Henderson formed a striking partnership with Aaron Wilbraham, a partnership with a combined age of 73. The former is a mere stripling of 34, the latter a venerable 39 and they caused us some problems, mainly by denying both Baldwin and Flanagan the space to move forward. At Accrington on Wednesday and at Wembley, both had brought the ball out. This was denied them here.

Henderson’s shot was the only one on target from a Rochdale player and McLaughlin had a relatively quiet afternoon although he did make a fine second half save when a clearance from Baldwin ballooned into the air and he had to be quick to push it over the bar.

The players did the usual “girding up of loins” and showed their character and fitness in the second half.

Dylan McGeouch was outstanding, fetching and carrying and wearing out Camps and Rathbone, who had thwarted him in the first. His drive and energy enabled us to spend the entire forty-five minutes on the front foot and he will continue to play a major part in the promotion push.

Charlie Wyke had won many sceptical fans over on Wednesday with a thundering performance at The Crown Ground. He did it again here and was rewarded with the kind of goal that he scored for fun at Carlisle United and Bradford City.

Denver Hume played him in and he rolled a Rochdale defender before turning and tucking away a well-placed shot beyond the keeper to level the scores and create an impetus that ended up with a late, late winner. He looks fitter and more up for it and he appears to enjoy working with Grigg. There is less pressure on him and Grigg is a much more straightforward player to link up with than Josh Maja was. The sound of his name ringing around Spotland will have done him a world of good.

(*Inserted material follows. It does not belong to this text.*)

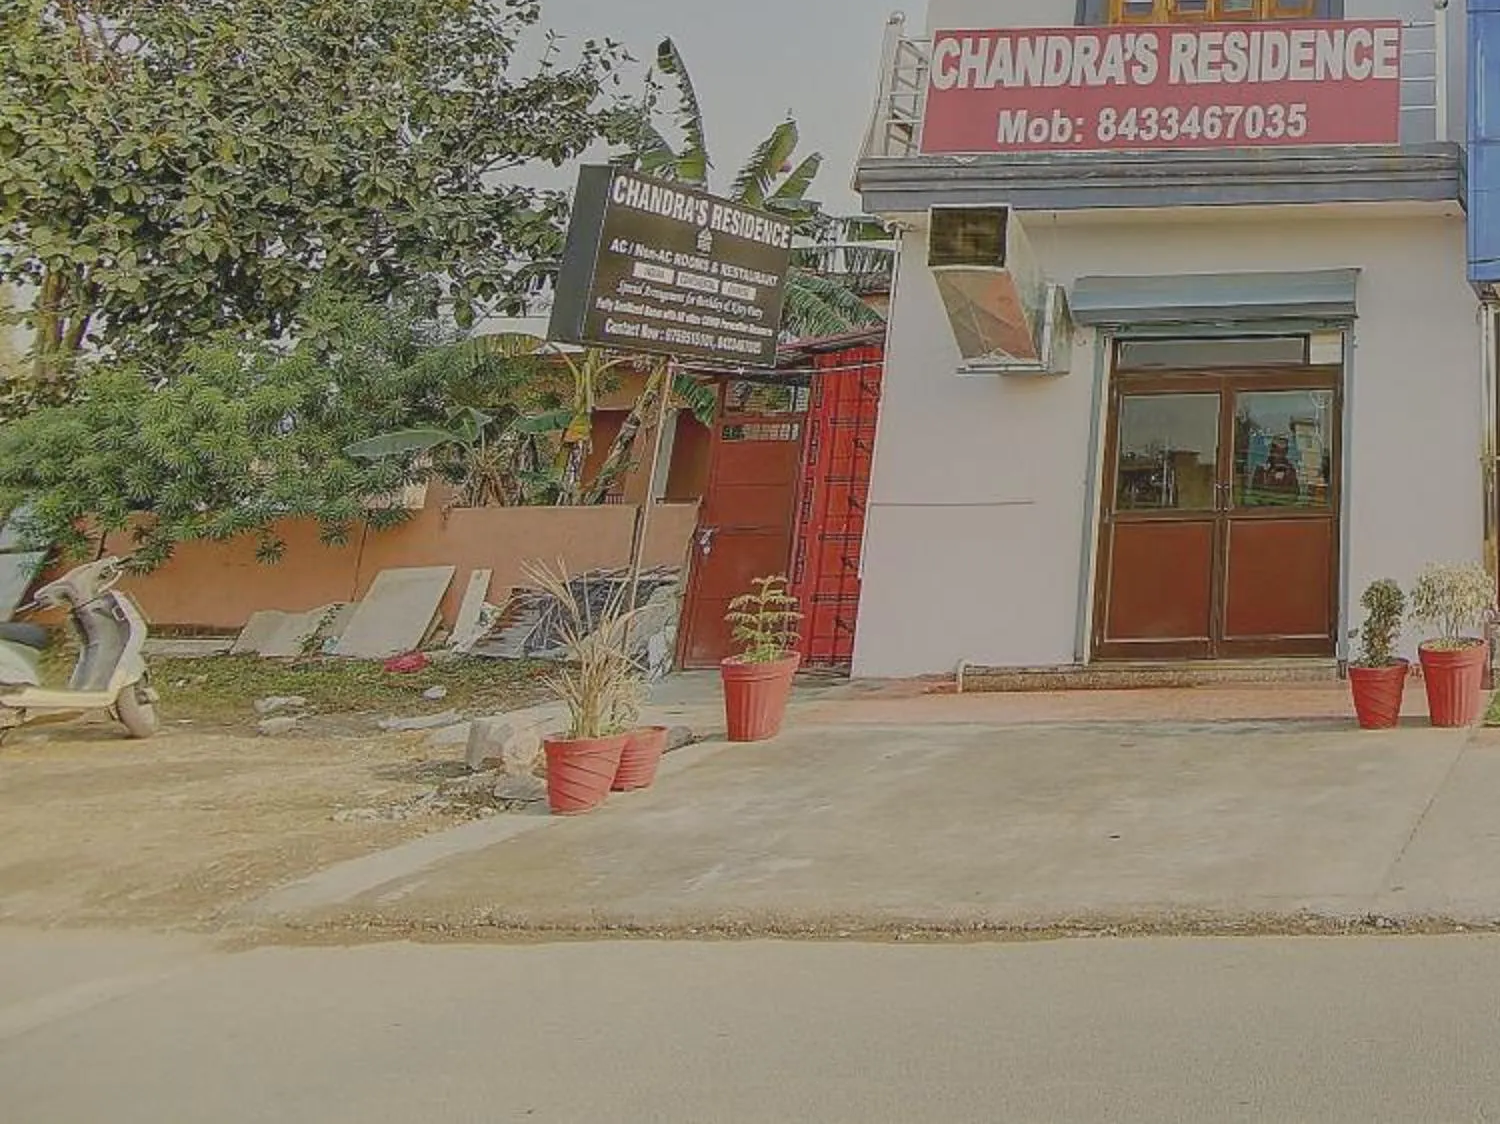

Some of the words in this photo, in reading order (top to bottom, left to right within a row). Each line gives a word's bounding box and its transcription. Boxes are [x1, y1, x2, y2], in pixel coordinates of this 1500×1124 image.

We pressed for the winner.

Denver Hume, a tad disappointing today, was replaced by the returning Bryan Oviedo which meant that the thrust of our attacking came from the full backs. By this time, O’Nien was running Joe Bunney ragged down the right hand side and it was from here that the winner came.

In the 89th minute, O’Nien once again got past Bunney and into the box. His low cross was picked up by George Honeyman who turned it past Lillis to send the 3,500 Red and Whites into a frenzy and to heap despair on the Blue and Whites who were preparing to celebrate a point well taken.

Skipper goes wild at Spotland

We closed the game out comfortably and news came through that Luton had drawn and Barnsley had lost so there was joy unconfined amongst the hordes as they poured back to the buses and cars scattered around the residential streets of Spotland – although in my case I missed the street where the bus had parked and had to be collected on the main road having walked a mile away from the ground. My face was redder than a Sunderland track suit top. Silly old fool…….

Sometimes promotions are won when you have to dig a win out. We are good at come backs and have a reputation for resilience. Late goals at Walsall, Wycombe and now Rochdale have put us in a strong position. The squad is the deepest in the division and players who have come with strong reputations and had not so far lived up to them, have stepped up and shown why Jack Ross and Tony Coton brought them to the club in the first place. Others have improved as the season has gone on and have played major parts in continuing this promotion push.

The only drawback in going up is that it takes away the visits to places that we have rarely been to before. Rochdale was a pleasure. The sun shone, the town looked good and there was plenty to do pre match.

Many headed for a large Wetherspoons where a customer came in, took his coat off and revealed a Newcastle United top. He was ushered out by staff as the Greater Manchester Constabulary arrived and called him an idiot.

My wanderings took me past the site of a theatre where Gracie Fields made her first public appearance, I gazed in wonder at the Gothic splendour of the Town Hall,

Hitler’s favourite Rochdale landmark

so admired by Hitler and spent a pleasant hour in the Rochdale Pioneers Museum where I bumped into Gary and Jane Stout. He has just retired from teaching so I was able to assure him that it was a time to look forward to.

The Baum next door to the museum fed and watered me with a cottage pie with pickled red cabbage and a pint of Admiral from Rochdale’s Pictish Brewery. Should you find yourself in the town I heartily recommend this fine pub with its cheery bar staff and excellent food and drink.

The Baum

So, apart from wandering the roads of Rochdale post match, a grand day out and a pleasant journey back in the light. Home by 8.00, I even stayed up to watch the highlights on Quest. I shan’t be bothering with that any more.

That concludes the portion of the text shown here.